The country is facing its worst economic crisis since independence
AP
The state of emergency in Sri Lanka has been lifted with effect from Saturday after the government decided not to present the Emergency Regulations in Parliament for approval with the improvement of the law and order situation in the island nation, nearly two weeks after it was imposed following unprecedented anti-government protests.
Embattled Sri Lankan President Gotabaya Rajapaksa had declared a state of emergency with effect from May 6 midnight, the second time in just over a month amidst growing countrywide anti-government protests over the economic crisis.
The Presidential Secretariat stated that the state of emergency has been lifted with effect from Friday midnight, Hiru News reported.

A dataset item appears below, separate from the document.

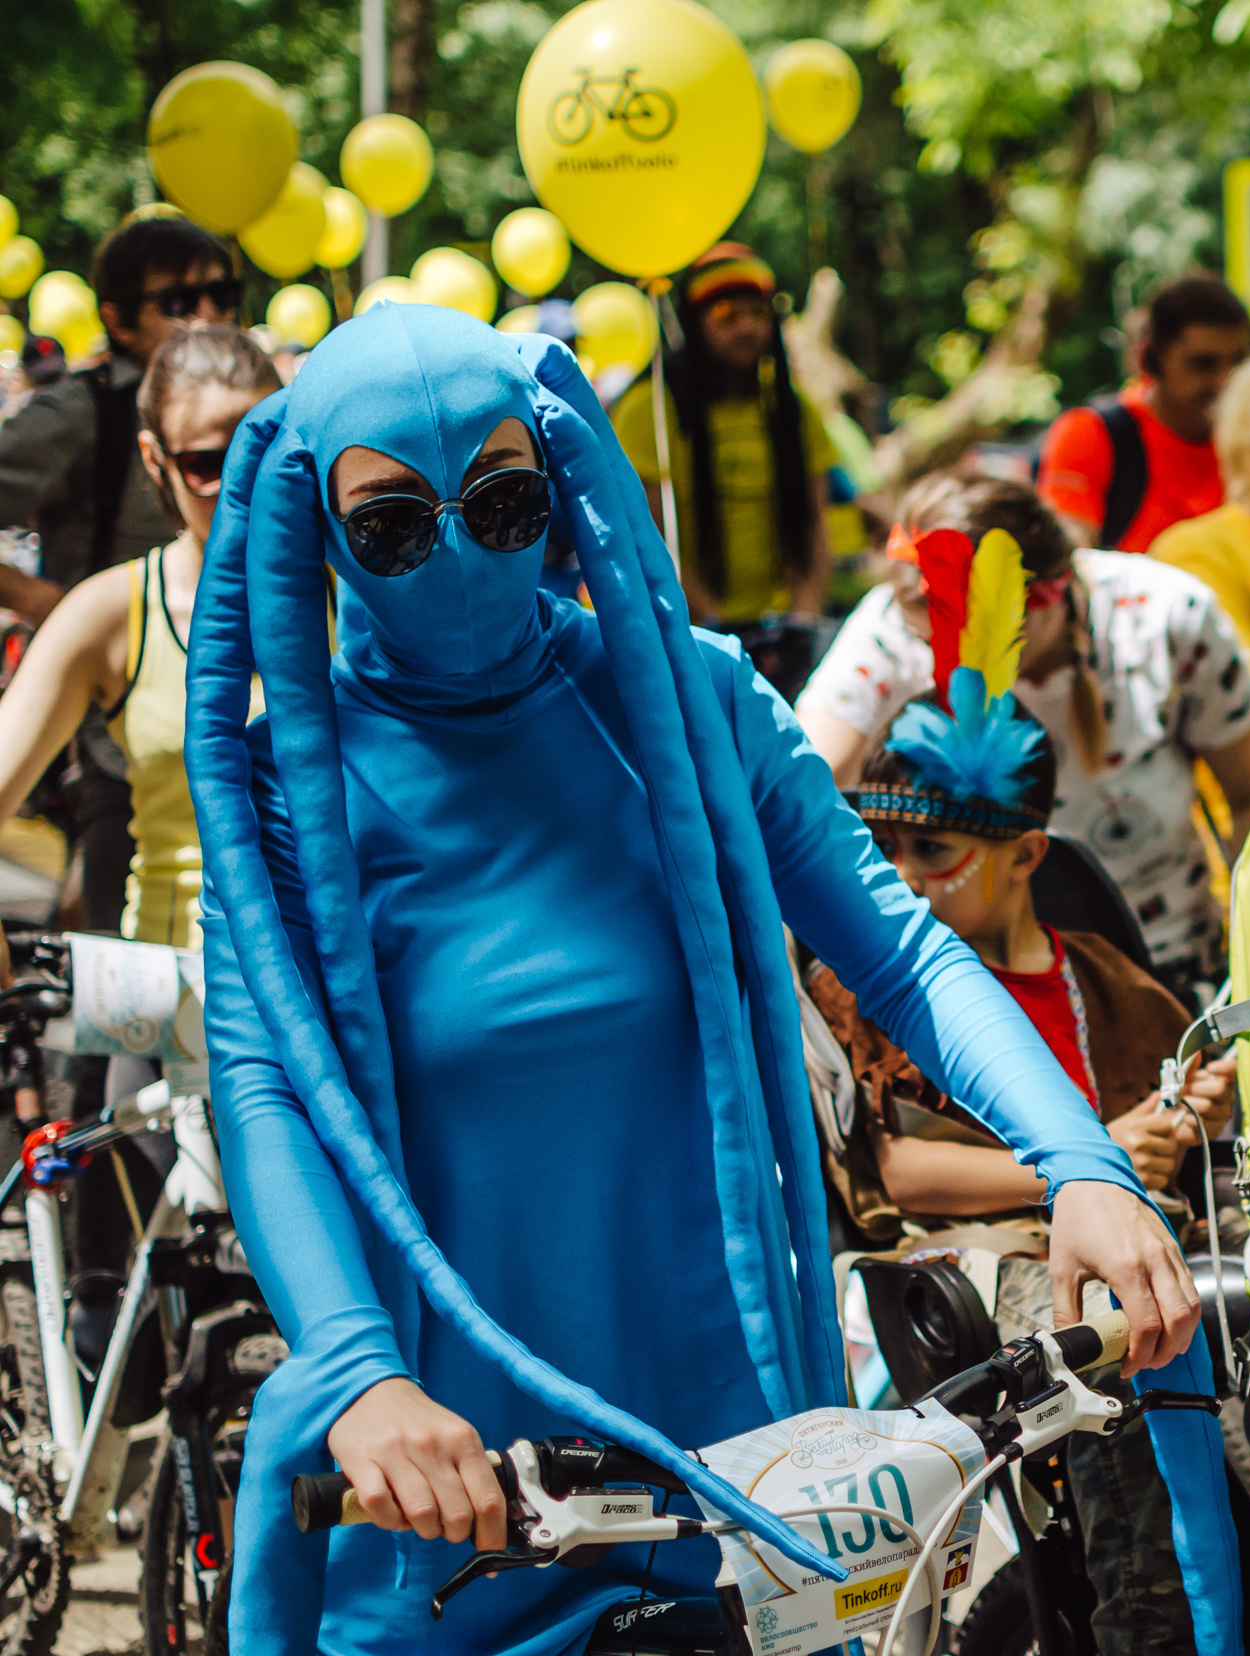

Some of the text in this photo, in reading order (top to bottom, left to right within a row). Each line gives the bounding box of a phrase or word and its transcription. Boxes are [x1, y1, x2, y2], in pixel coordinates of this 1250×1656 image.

The state of emergency was declared with a special gazette notification. It's up to Parliament to enact and enforce the state of emergency, which must be submitted to the House by the president within 14 days of enactment. However, the government decided not present the Emergency Regulations in Parliament, following which the emergency ceased to function.

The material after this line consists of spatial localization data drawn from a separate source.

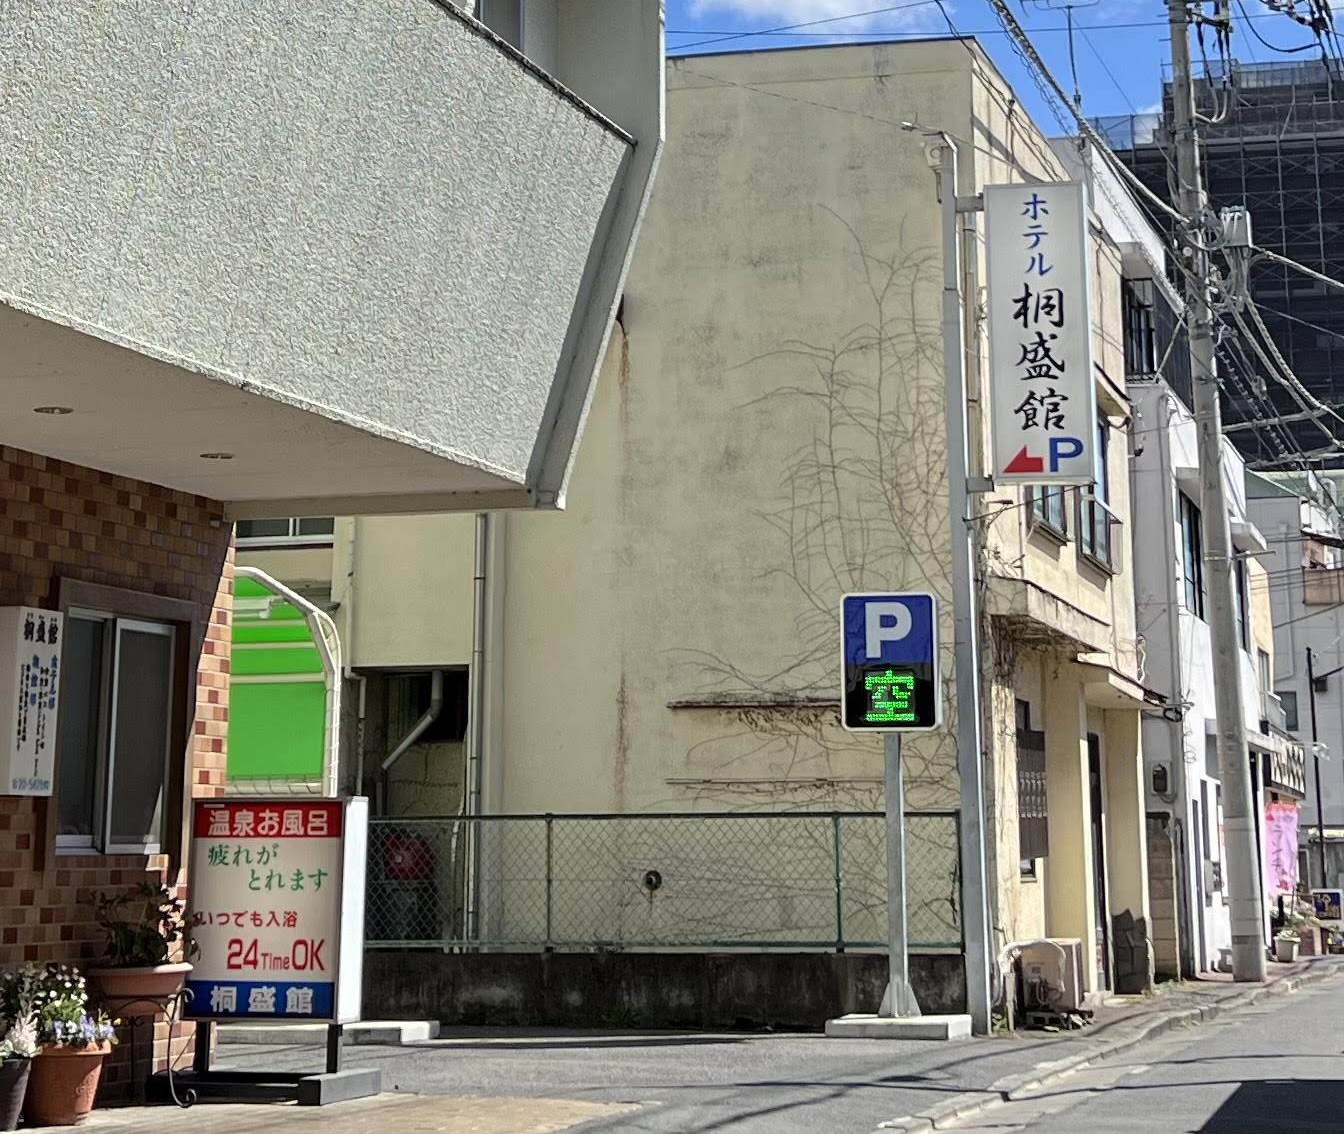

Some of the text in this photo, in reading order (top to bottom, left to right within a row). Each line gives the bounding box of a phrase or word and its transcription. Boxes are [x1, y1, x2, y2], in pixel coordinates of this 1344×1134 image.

[1012, 193, 1069, 431] ホテル 桐盛館
[1049, 436, 1084, 472] P
[865, 601, 912, 658] P
[864, 669, 915, 722] 空
[208, 809, 328, 836] 温泉お風呂
[208, 843, 280, 866] 疲れが
[248, 868, 329, 892] とれます
[199, 910, 298, 928] いつでも入浴
[227, 938, 259, 970] 24
[292, 938, 325, 971] OK
[210, 985, 314, 1014] 桐盛館

The decision was taken as there was an improvement in the law and order situation.
The emergency was declared after weeks of protests by people demanding the president's resignation and the government, blaming the powerful Rajapaksa clan for mishandling the nation’s economy.
At least 10 people were killed and over 200 injured in clashes between pro- and anti-government protesters.
Sri Lanka is facing its worst economic crisis since gaining independence from Britain in 1948. The crisis is caused in part by a lack of foreign currency, which means that the country cannot afford to pay for imports of staple foods and fuel, leading to acute shortages and high prices.
An inflation rate spiralling towards 40 per cent, shortage of food, fuel and medicines and power outages have led to nationwide protests and a plunging currency.
New York-based ratings agency Fitch has downgraded debt-ridden Sri Lanka’s sovereign rating to “restricted default” after the country defaulted on making international sovereign bond payments. On April 12, Fitch had downgraded Sri Lanka to ‘C’.